1

I'm building a backup station.

I'd like to be able to get an image of an HDD containing its partition table and all its partition (not one partition at the time) so that restoring will be easy to do. I'd like to do it with different HDD simultaneously, and each one will be USB.

I tried partimage but it seems to backup one partition at the time. I tried to use clonezilla but it seems to need a client machine and that's not what I need.

A linux solution will be appreciated, but I could use it in virtual machine if needed, even if I'd like it to be an automated process as much as possible.

It must support NTFS because most of the backups I'll do will use NTFS.

Note:
clonezilla seems interesting because as I understood it the client builds a package and sends it to the server over the network.
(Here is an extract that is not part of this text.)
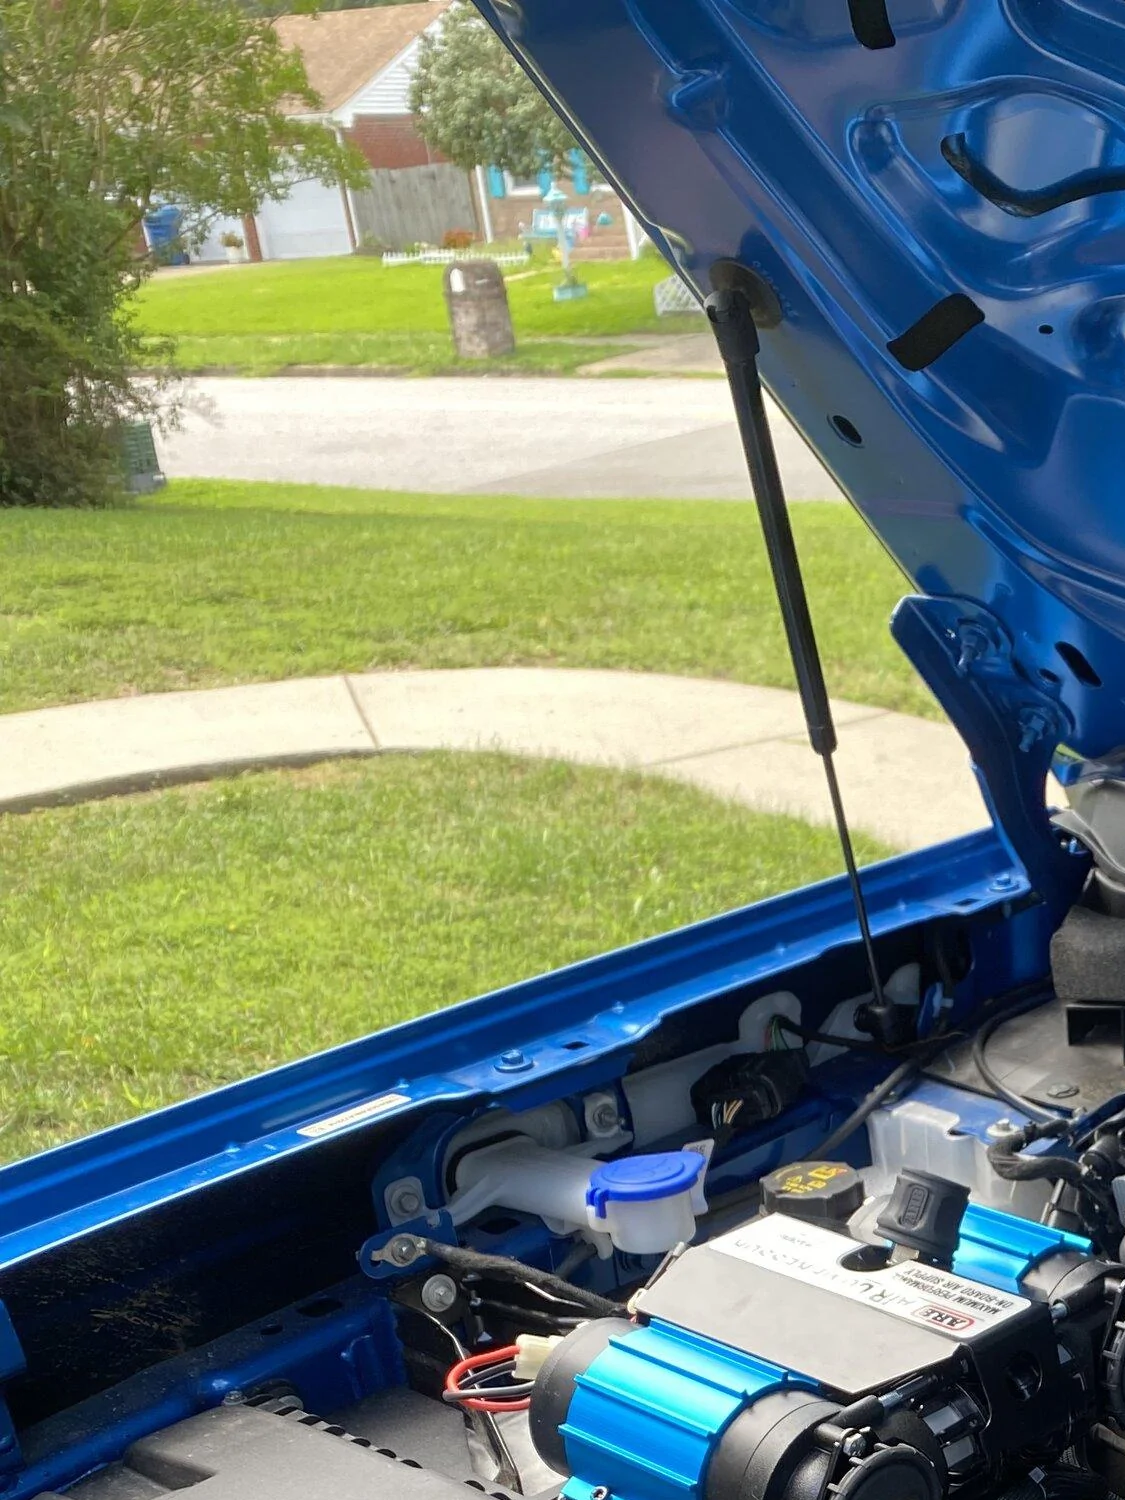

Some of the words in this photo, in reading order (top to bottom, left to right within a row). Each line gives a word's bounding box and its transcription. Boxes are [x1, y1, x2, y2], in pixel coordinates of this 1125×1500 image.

[904, 1267, 943, 1284] SUPPLY
[942, 1281, 962, 1290] AIR
[954, 1296, 1001, 1315] MAXIMUM
I'd like to build the same easily-restorable package of an HDD plugged via USB, without any extra machine or network involvement.

Andrea Ambu
  • 480
  • 1
  • 8
  • 13

4 Answers4

2

Echoing wombie's concern, I don't think you want the server trying to do big data copy jobs in parallel.

Whether you are trying to copy multiple partitions, which wombie predicts would cause the disk heads to thrash and slow things down, or to trying to copy multiple disks over a usb bus, in which each data stream may cause interrupts that would slow each other down, unless you are dealing with a transmission technology specifically designed to handle high throughput from multiple clients, you are going to slow things down if you try to do them in parallel.

For example, trying to ftp a single file over 10BaseT Ethernet, I could get over 1 MByte/sec (over 8Mbit/sec) throughput, but if I tried to ftp two files from different machines, even to the same server, the throughput would fall to about 150 KByte/sec/per transfer (i.e., about 300 KByte/sec, 2.4MBit/sec). (This is from memory, and it may have taken 3 transmitting stations to get the 10BaseT throughput to drop from ~90% to ~30%. Still, adding a second station did decrease the overall efficiency, due to collisions.)

Besides, its a catch-22: the protocols that can gracefully handle multiplexing high throughput streams generally introduce high overhead. Classic examples of networking protocols that gracefully handle multiplexing high throughput streams: Token-Ring, FDDI, ATM. For example, ATM introduces a minimum 10% overhead (of the 53 bytes in a cell, 5 are header) to the transmission.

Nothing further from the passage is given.